WHAT IS NEEDED →
Nothing but the records, repeated word for word and free of pictures, belongs in the answer.

DATA PROVIDED →
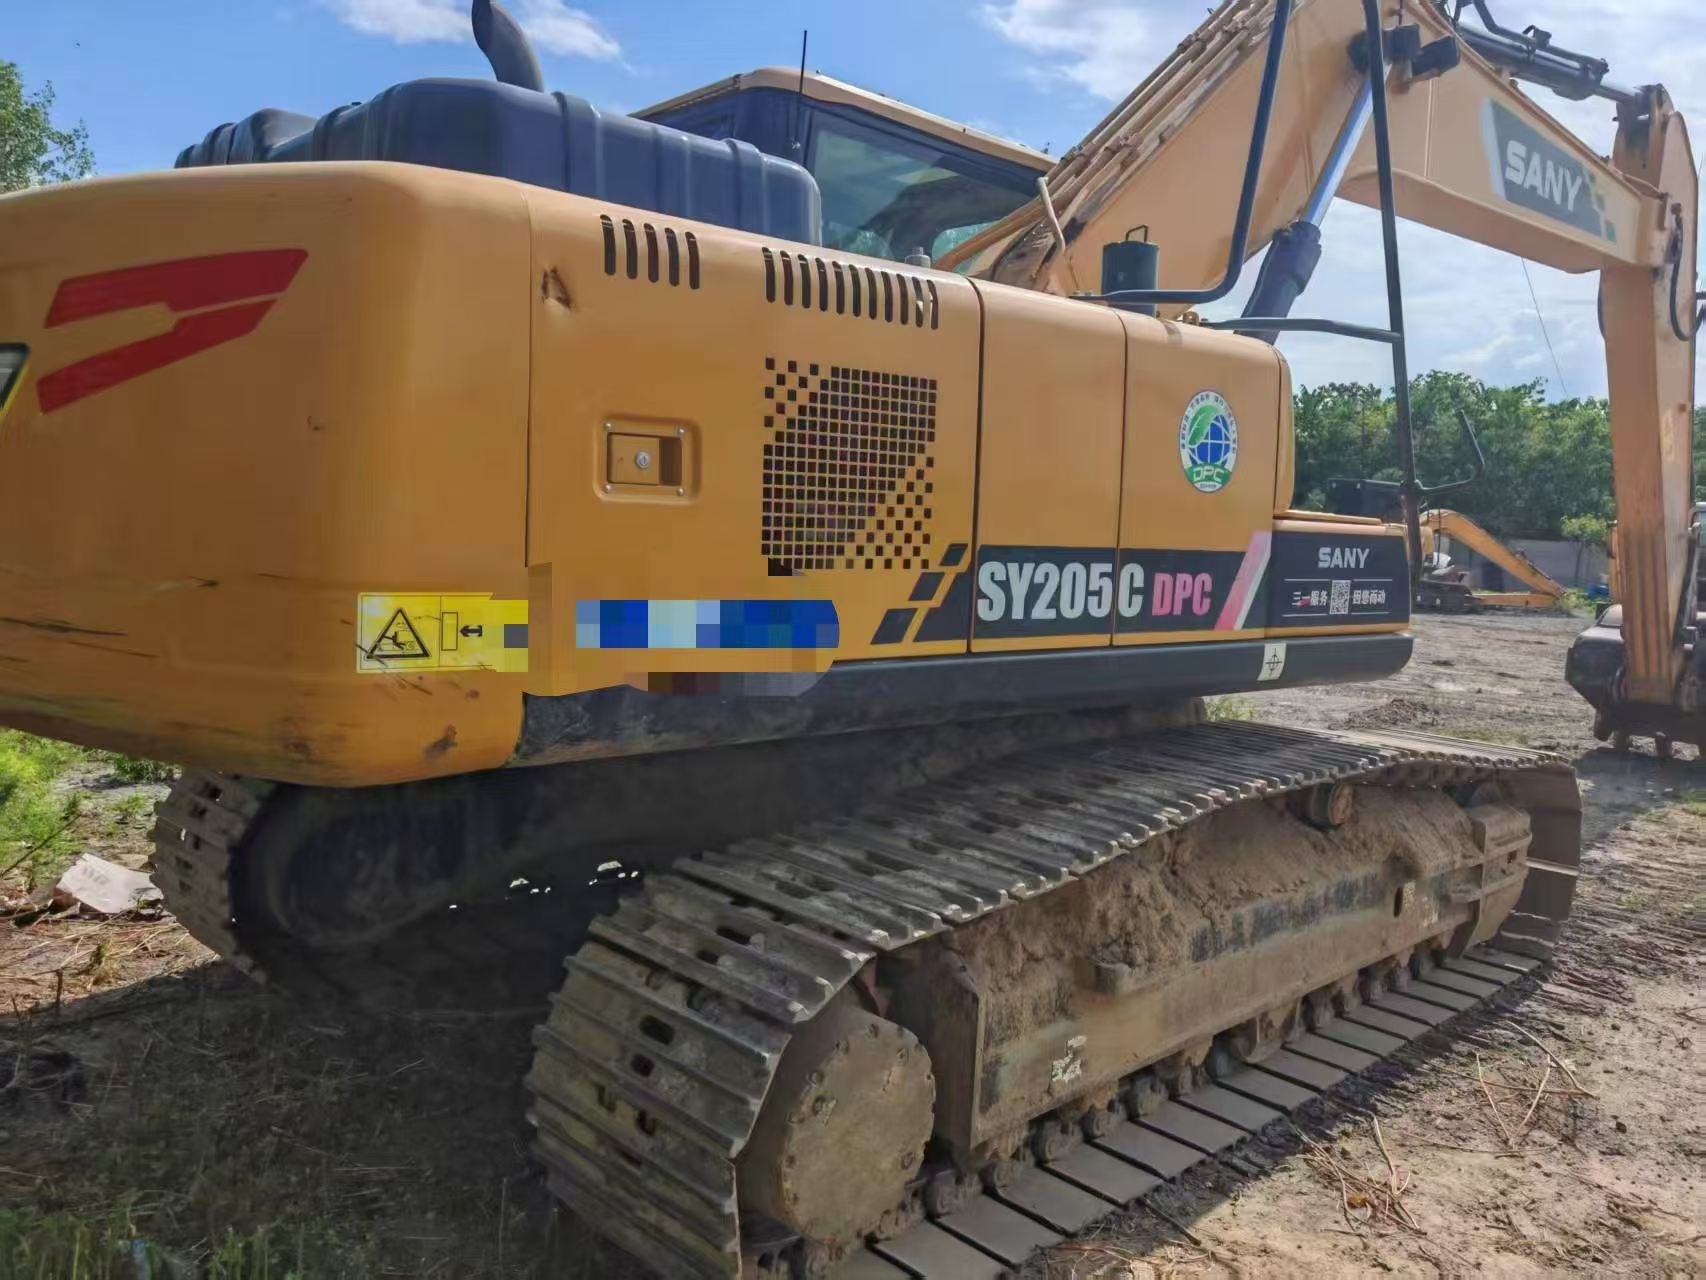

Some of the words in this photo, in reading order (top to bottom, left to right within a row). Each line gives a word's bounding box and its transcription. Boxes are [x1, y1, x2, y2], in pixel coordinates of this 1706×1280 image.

[1504, 139, 1583, 212] SANY
[1317, 546, 1371, 569] SANY
[1151, 572, 1213, 616] DPC
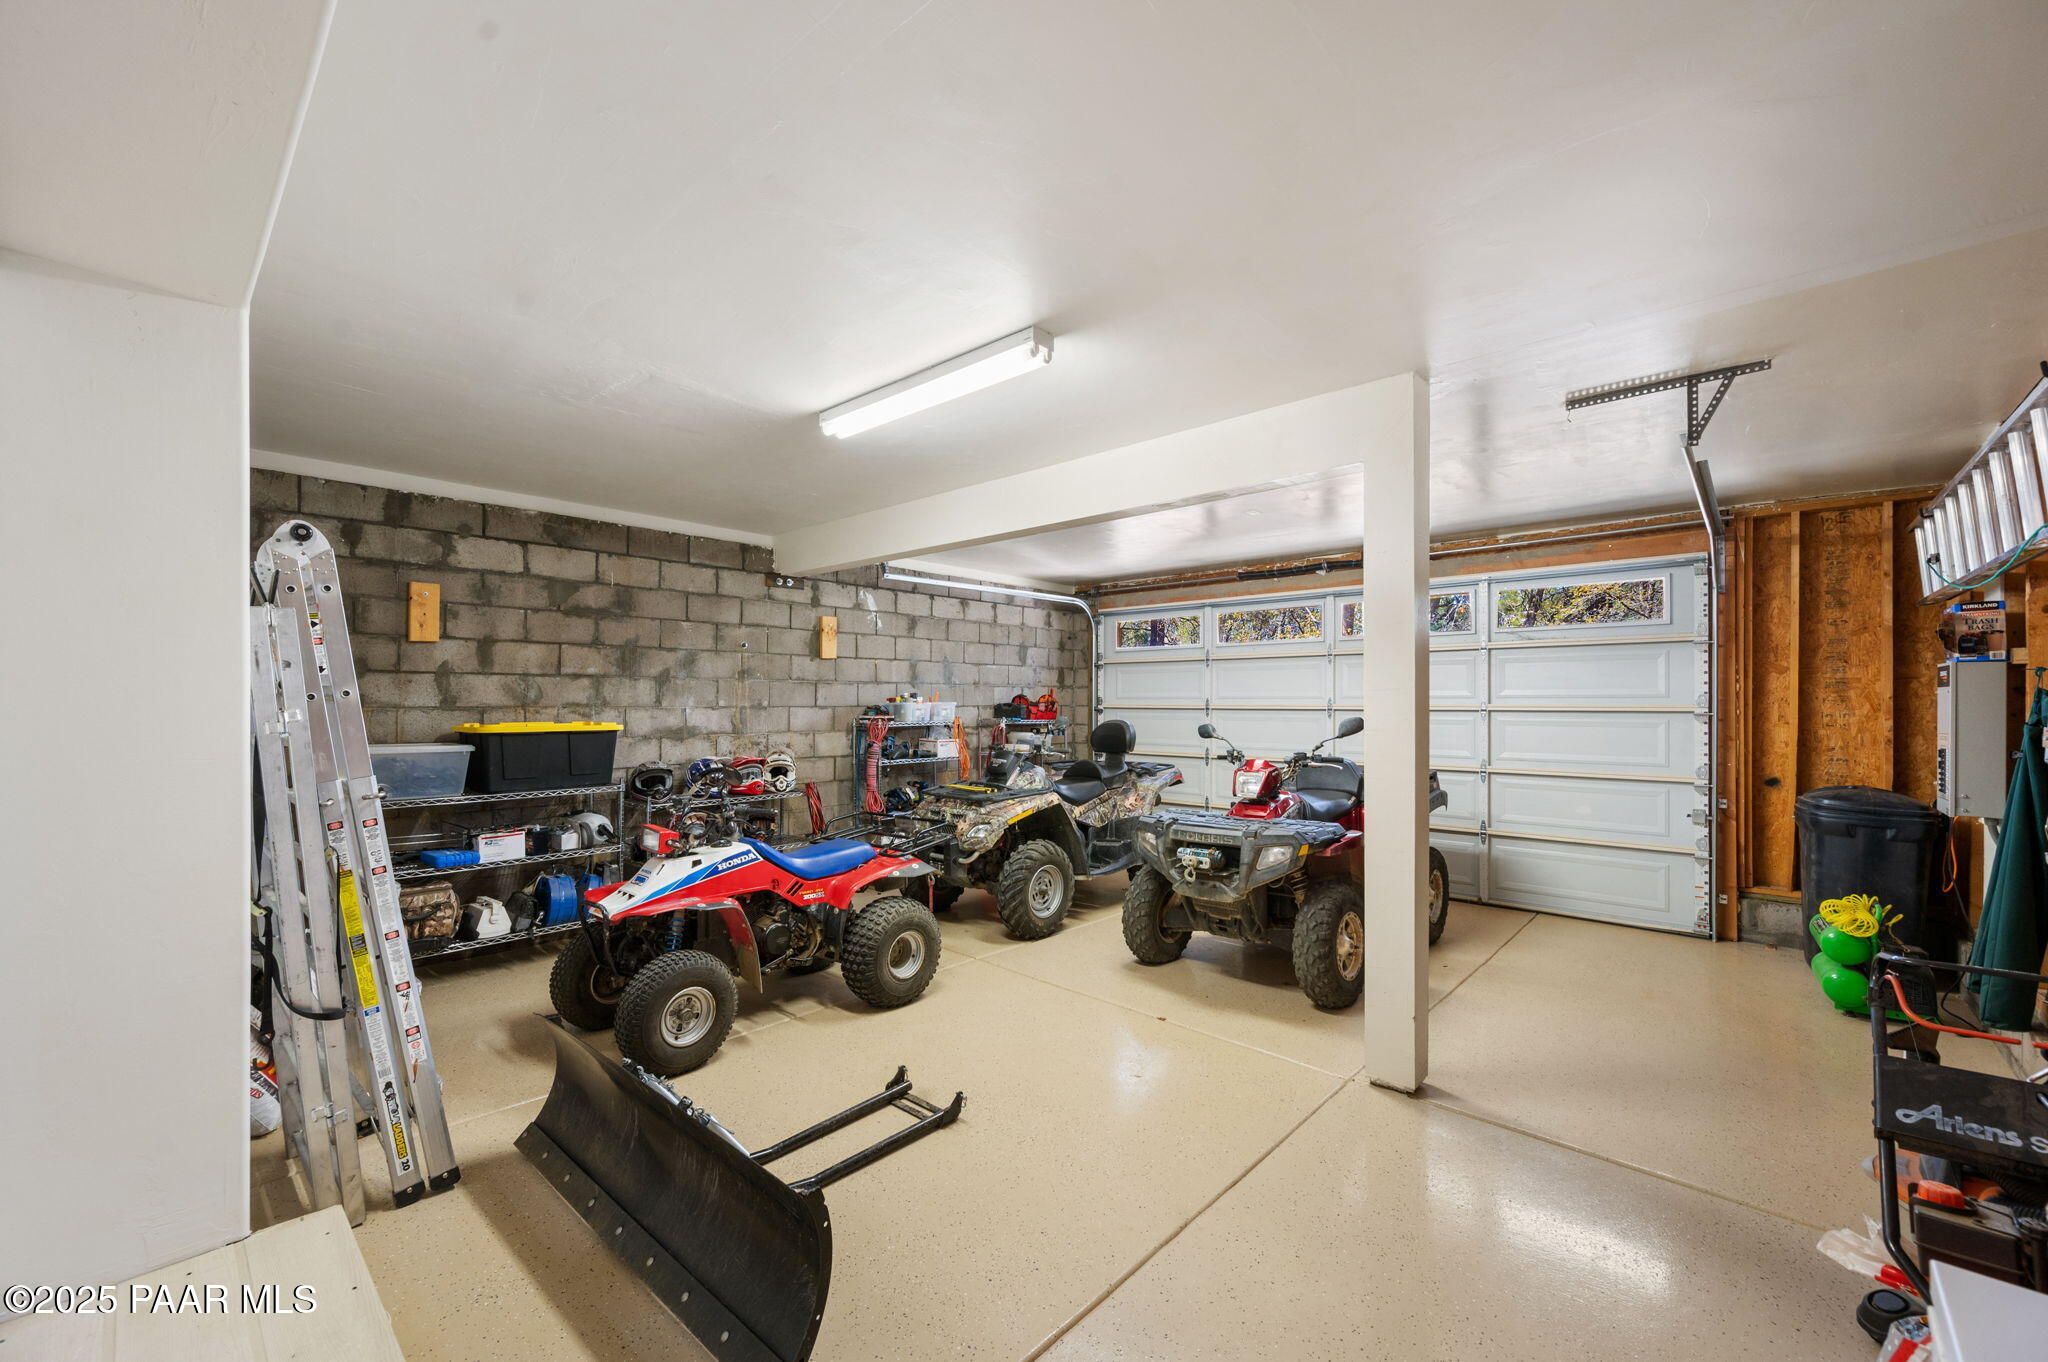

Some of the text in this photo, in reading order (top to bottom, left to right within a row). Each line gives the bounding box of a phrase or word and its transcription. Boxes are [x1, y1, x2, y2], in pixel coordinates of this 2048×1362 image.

TASK RESPONSE →
Some of the words in this photo, in reading order (top to bottom, left to right within a row). Each line gives a word's bounding box and its transcription. Boxes are [x1, y1, x2, y2], in pixel coordinates of this 1706×1280 image.

[1504, 139, 1583, 212] SANY
[1317, 546, 1371, 569] SANY
[1151, 572, 1213, 616] DPC

Some of the text in this photo, in reading order (top to bottom, left to right within a row). Each line gives the bounding box of a phrase or word and its transcription. Boxes are [x1, y1, x2, y2], in pixel coordinates of this 2048×1362 image.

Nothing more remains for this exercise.